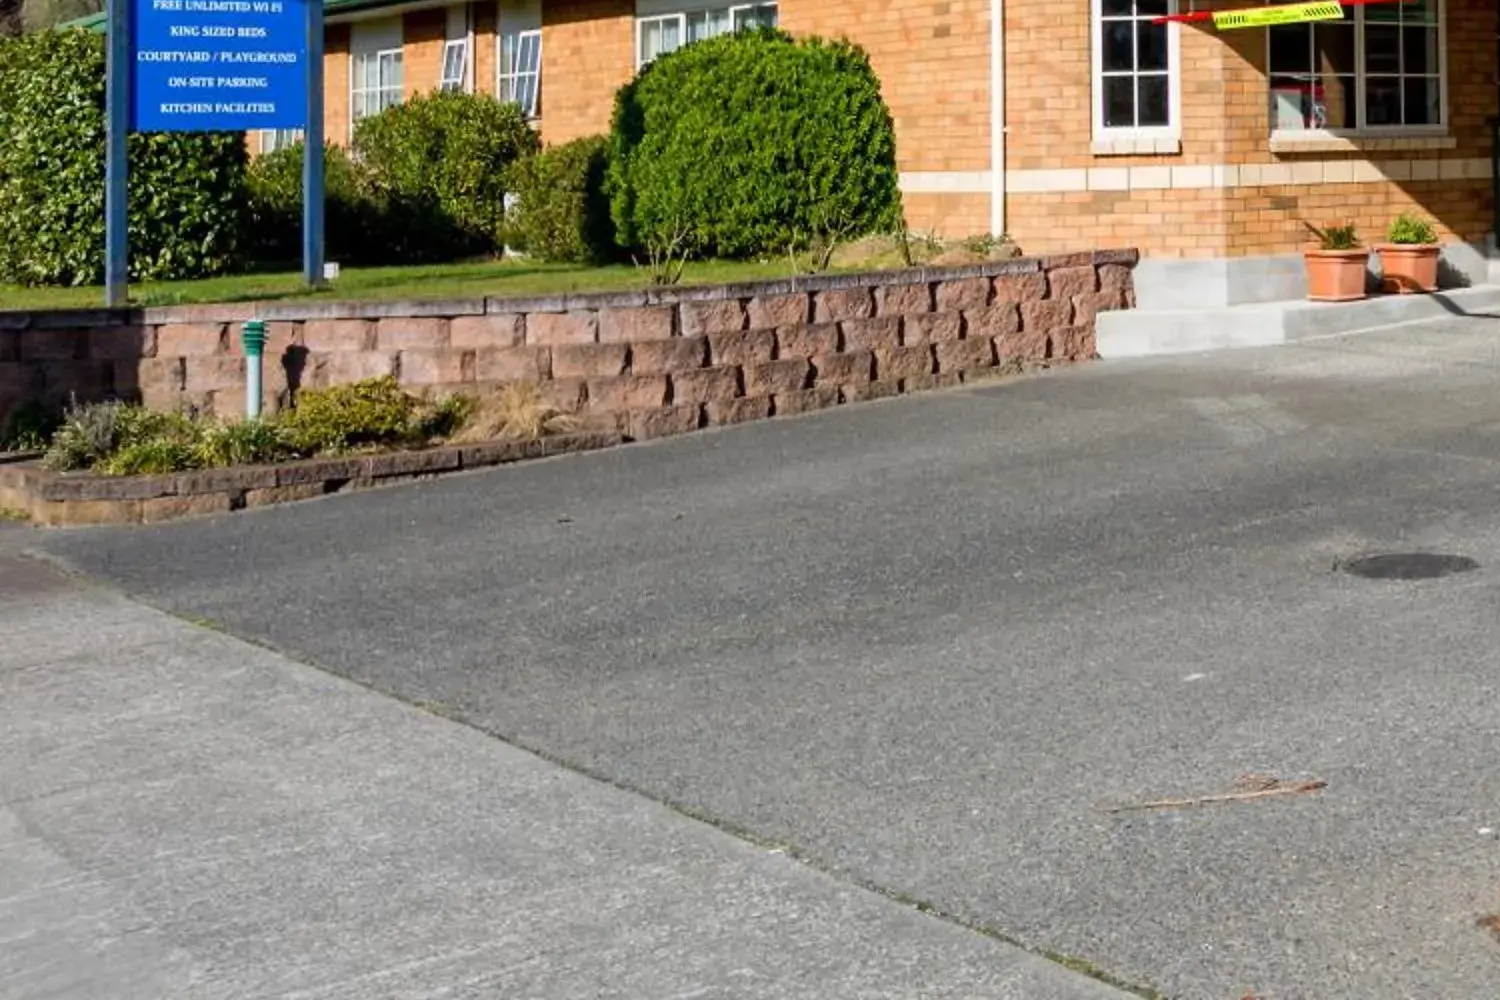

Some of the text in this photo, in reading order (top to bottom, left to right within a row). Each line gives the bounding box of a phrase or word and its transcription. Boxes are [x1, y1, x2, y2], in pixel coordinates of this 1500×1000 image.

[153, 0, 183, 11] FREE
[185, 0, 251, 12] UNLIMITED
[171, 26, 267, 37] KING SIZED BEDS
[137, 51, 211, 62] COURTYARD
[221, 52, 297, 63] PLAYGROUND
[168, 76, 268, 88] ON-SITE PARKING
[160, 103, 275, 114] KITCHEN FACILITIES

____

### Exercise instructions
Please output every line of the listing as it stands, and omit its images.

### Solved problem
Some of the text in this photo, in reading order (top to bottom, left to right within a row). Each line gives the bounding box of a phrase or word and its transcription. Boxes are [x1, y1, x2, y2], in pixel coordinates of this 1500×1000 image.

[153, 0, 183, 11] FREE
[185, 0, 251, 12] UNLIMITED
[171, 26, 267, 37] KING SIZED BEDS
[137, 51, 211, 62] COURTYARD
[221, 52, 297, 63] PLAYGROUND
[168, 76, 268, 88] ON-SITE PARKING
[160, 103, 275, 114] KITCHEN FACILITIES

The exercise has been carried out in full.